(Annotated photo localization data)
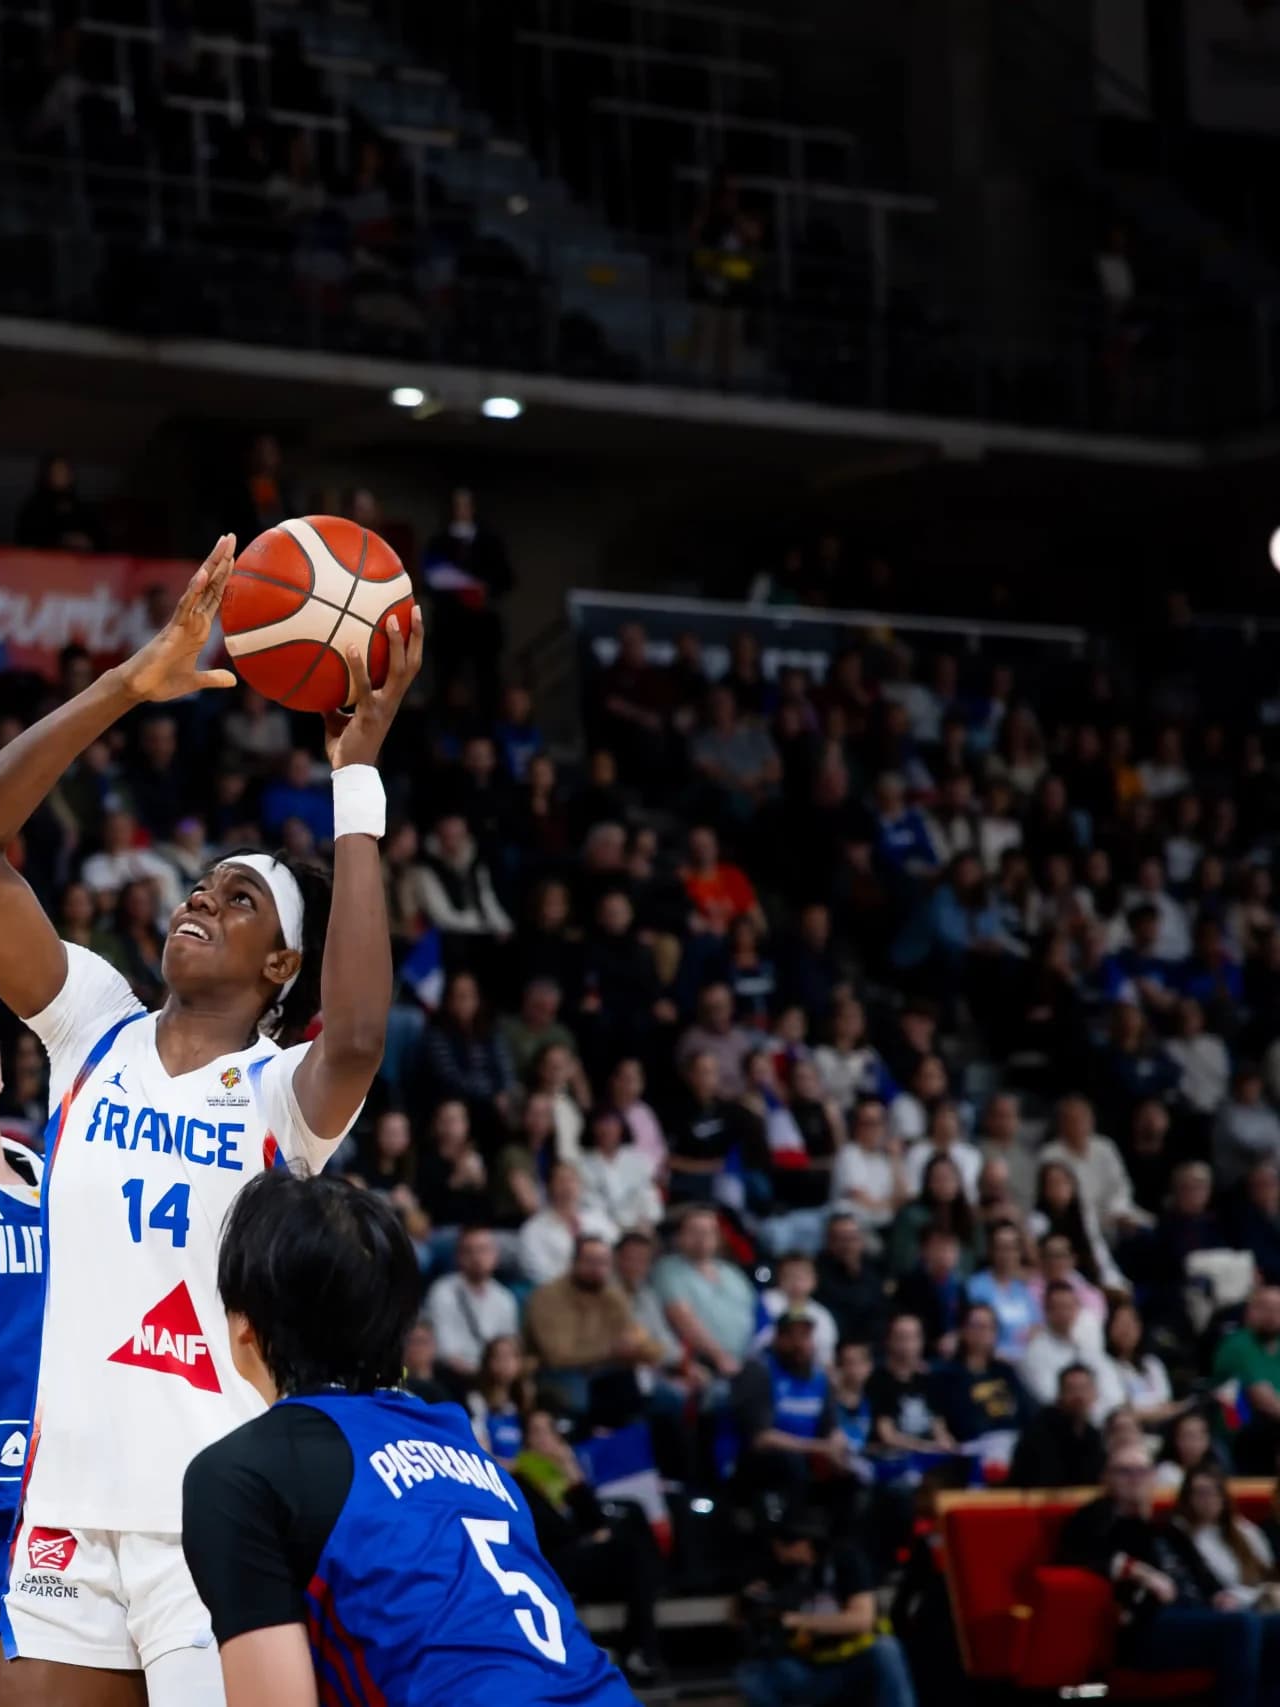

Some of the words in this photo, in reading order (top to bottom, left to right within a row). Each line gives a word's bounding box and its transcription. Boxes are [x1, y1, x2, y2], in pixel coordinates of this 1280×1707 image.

[85, 1097, 245, 1171] FRANCE
[121, 1178, 190, 1248] 14
[132, 1325, 207, 1366] MAIF
[369, 1440, 518, 1512] PASTRANA
[24, 1573, 65, 1586] CAISSE
[461, 1517, 566, 1664] 5

## Requirement:
Copy every line of the data exactly as written, excluding the pictures.

## Finished task:
Some of the words in this photo, in reading order (top to bottom, left to right within a row). Each line gives a word's bounding box and its transcription. Boxes are [x1, y1, x2, y2], in pixel coordinates of this 1280×1707 image.

[85, 1097, 245, 1171] FRANCE
[121, 1178, 190, 1248] 14
[132, 1325, 207, 1366] MAIF
[369, 1440, 518, 1512] PASTRANA
[24, 1573, 65, 1586] CAISSE
[461, 1517, 566, 1664] 5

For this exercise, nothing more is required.